The charity has warned that paedophiles contact large numbers of children on social media and then encourage the ones who respond to move over to encrypted messaging or live streaming.
Those who are tricked into sending images, often after being threatened, can then be blackmailed into sending more.
PC Moore, who works with local schools through their PHSE programmes, said: “A lot of children sending images are generally young girls and boys in the range of 14 and 15 [years old], and the people they’re sending them to are 17 or 18, and 18 then becomes an adult.”
He suggests the NSPCC data is likely a “conservative figure”, as children will rarely disclose what’s happening. “When you go into a school and speak to young boys and girls, you don’t always get the honest answer back,” he said, citing embarrassment as a huge barrier for preventing teens from speaking out.

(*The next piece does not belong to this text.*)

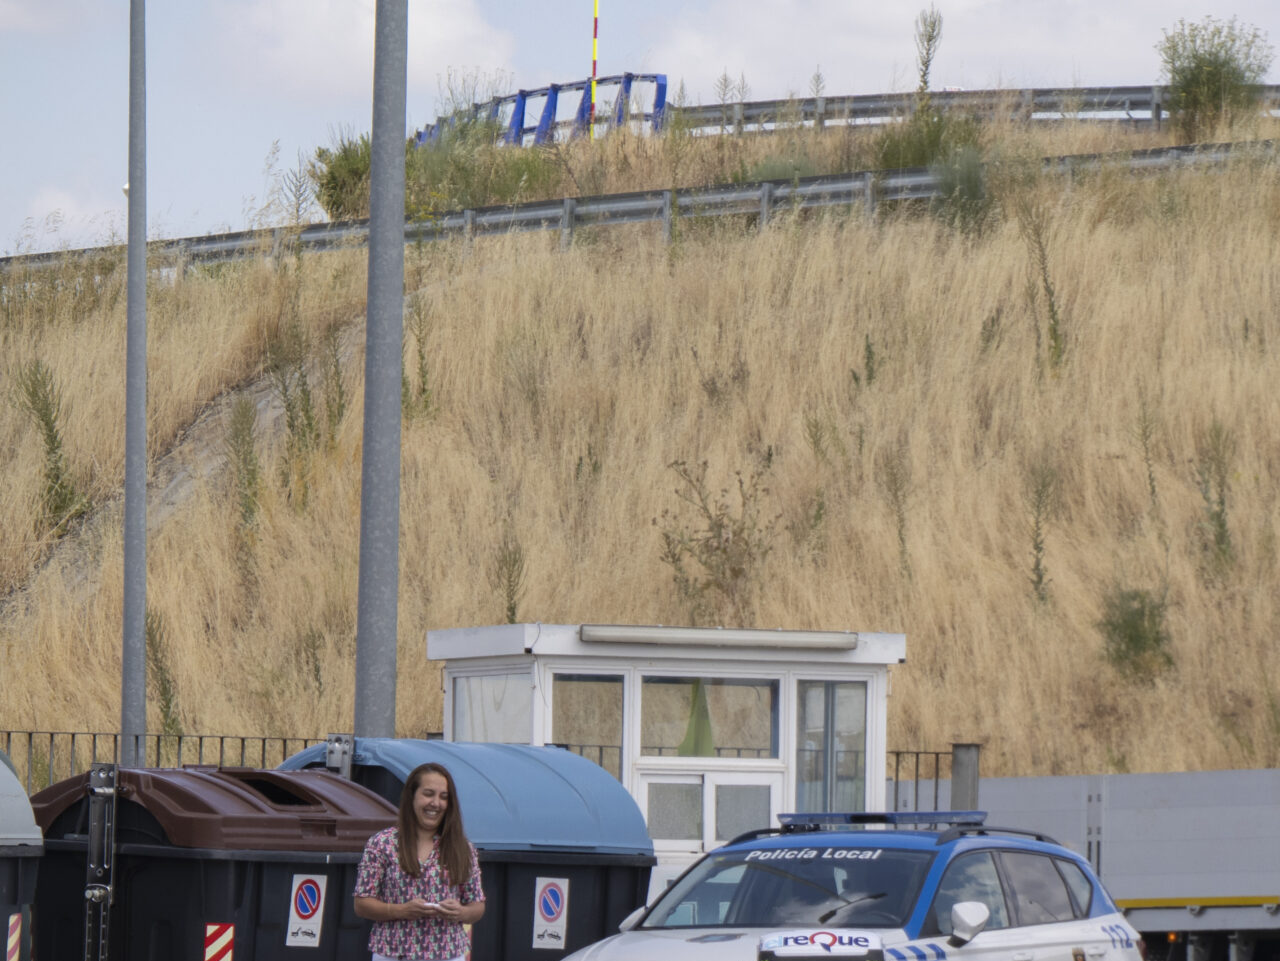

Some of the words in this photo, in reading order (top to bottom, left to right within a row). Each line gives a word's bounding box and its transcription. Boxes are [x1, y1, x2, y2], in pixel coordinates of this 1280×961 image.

“It’s certainly a huge problem in schools, there’s no doubt about that – and I don’t think we’re close to sorting it out.”
PC Moore suggested safeguarding should be taught in schools “in the same way English and Maths are taught” – regularly rather than occasionally. “The sexual health of our children and the safeguarding of our children should be paramount in schools,” he said. “Parents are too embarrassed to do these chats so it needs to be dealt with in schools at an early age.”
Jim Gamble, CEO of Ineqe Safeguarding Group, whose Safer Schools app offers advice to teachers, parents, carers and pupils, said online grooming “is a problem that every school in the country will be familiar with”.
“It is critically important that everyone in schools – from pupils, to their parents and carers – are educated and empowered about the risks.”